→ **How to complete this task**
Leave every picture out, and write out the remaining entries exactly.

→ **The records**
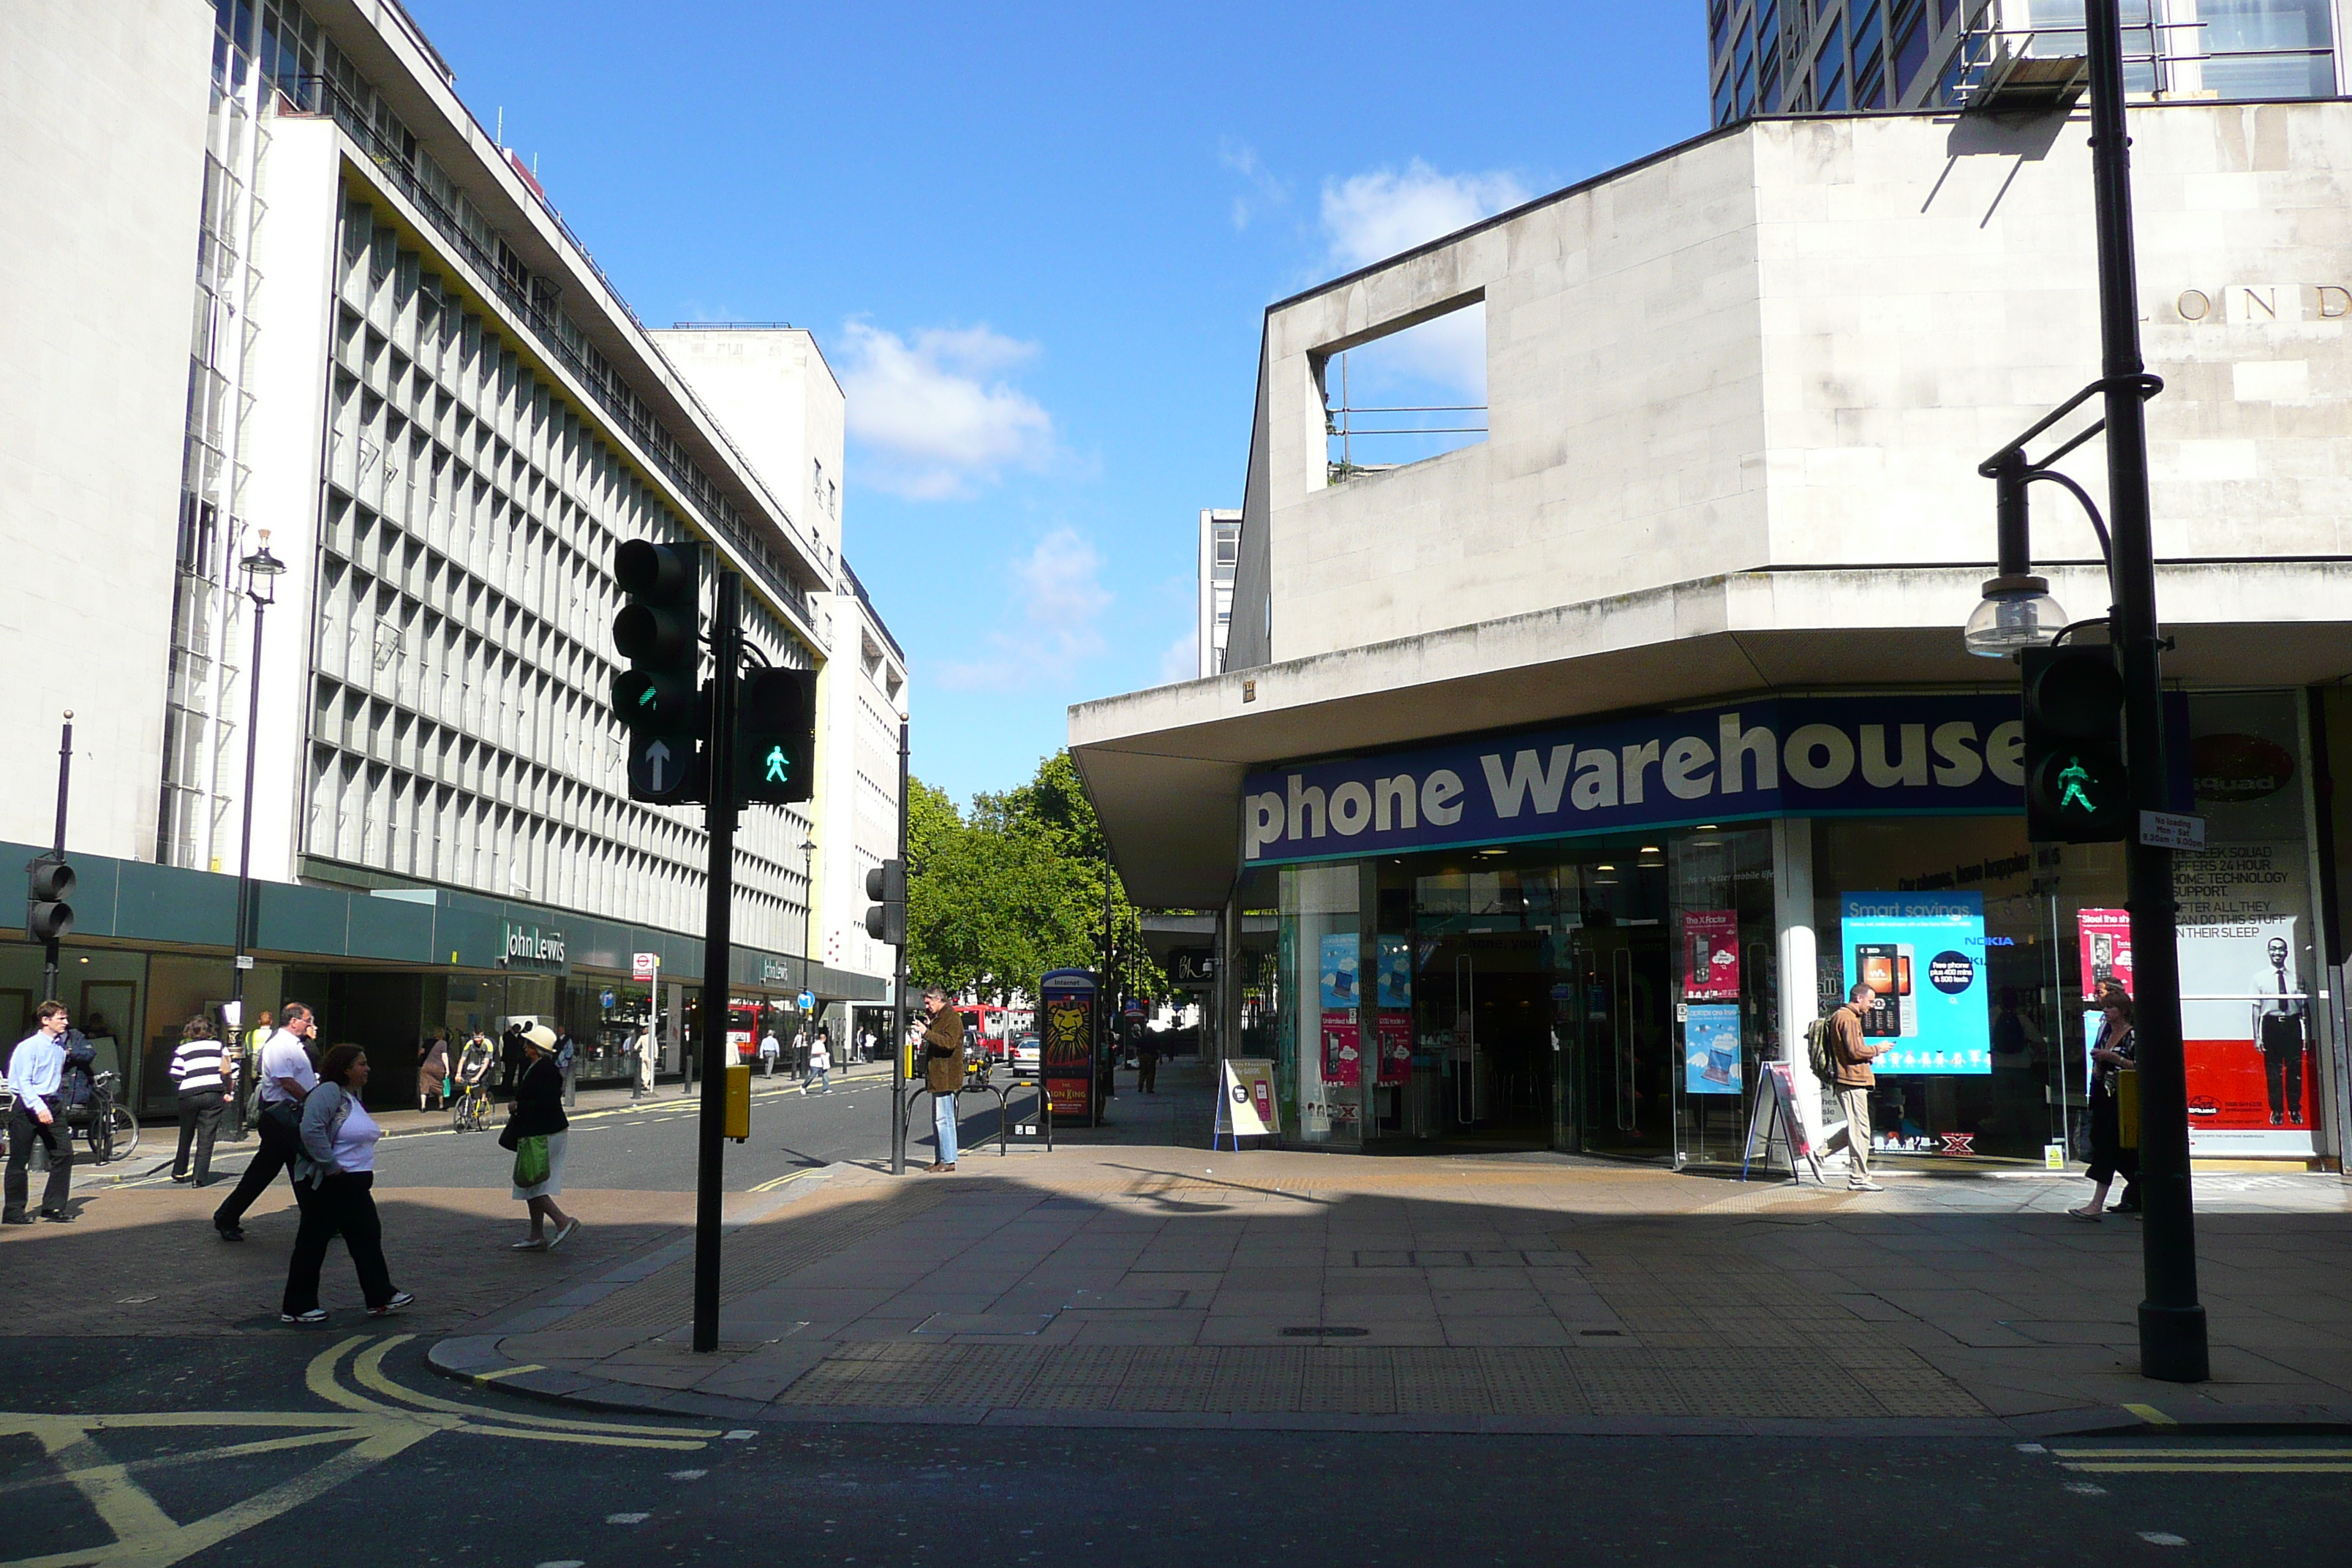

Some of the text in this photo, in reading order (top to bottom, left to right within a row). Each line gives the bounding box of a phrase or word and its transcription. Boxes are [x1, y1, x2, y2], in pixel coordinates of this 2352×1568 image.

[2138, 286, 2352, 322] OND
[1245, 712, 2026, 859] phone Warehouse
[2155, 816, 2192, 829] No loading
[2157, 826, 2171, 834] Mon
[2178, 828, 2190, 837] Sat
[2176, 849, 2192, 859] HE
[2231, 846, 2273, 858] SQUAD
[2172, 859, 2271, 872] OFFERS 24 HOUR
[1708, 872, 1733, 882] better
[1734, 870, 1760, 882] mobile
[2208, 872, 2288, 883] TECHNOLOGY
[1850, 901, 1973, 921] Smart savings.
[2179, 901, 2271, 913] FTER ALL THEY
[1700, 916, 1705, 924] X
[1705, 916, 1727, 924] Factor
[2175, 914, 2287, 924] CAN DO THIS STUFF
[2176, 928, 2185, 938] N
[2186, 927, 2220, 938] THEIR
[504, 921, 565, 964] John Lewis
[1964, 937, 2016, 946] NOKIA
[762, 958, 788, 983] John Lewis
[1932, 961, 1970, 970] Free phone
[1929, 968, 1944, 977] plus
[1323, 1017, 1349, 1025] Unlimited
[1050, 1088, 1087, 1100] ION KING

→ **Answer for the task**
Some of the text in this photo, in reading order (top to bottom, left to right within a row). Each line gives the bounding box of a phrase or word and its transcription. Boxes are [x1, y1, x2, y2], in pixel coordinates of this 2352×1568 image.

[2138, 286, 2352, 322] OND
[1245, 712, 2026, 859] phone Warehouse
[2155, 816, 2192, 829] No loading
[2157, 826, 2171, 834] Mon
[2178, 828, 2190, 837] Sat
[2176, 849, 2192, 859] HE
[2231, 846, 2273, 858] SQUAD
[2172, 859, 2271, 872] OFFERS 24 HOUR
[1708, 872, 1733, 882] better
[1734, 870, 1760, 882] mobile
[2208, 872, 2288, 883] TECHNOLOGY
[1850, 901, 1973, 921] Smart savings.
[2179, 901, 2271, 913] FTER ALL THEY
[1700, 916, 1705, 924] X
[1705, 916, 1727, 924] Factor
[2175, 914, 2287, 924] CAN DO THIS STUFF
[2176, 928, 2185, 938] N
[2186, 927, 2220, 938] THEIR
[504, 921, 565, 964] John Lewis
[1964, 937, 2016, 946] NOKIA
[762, 958, 788, 983] John Lewis
[1932, 961, 1970, 970] Free phone
[1929, 968, 1944, 977] plus
[1323, 1017, 1349, 1025] Unlimited
[1050, 1088, 1087, 1100] ION KING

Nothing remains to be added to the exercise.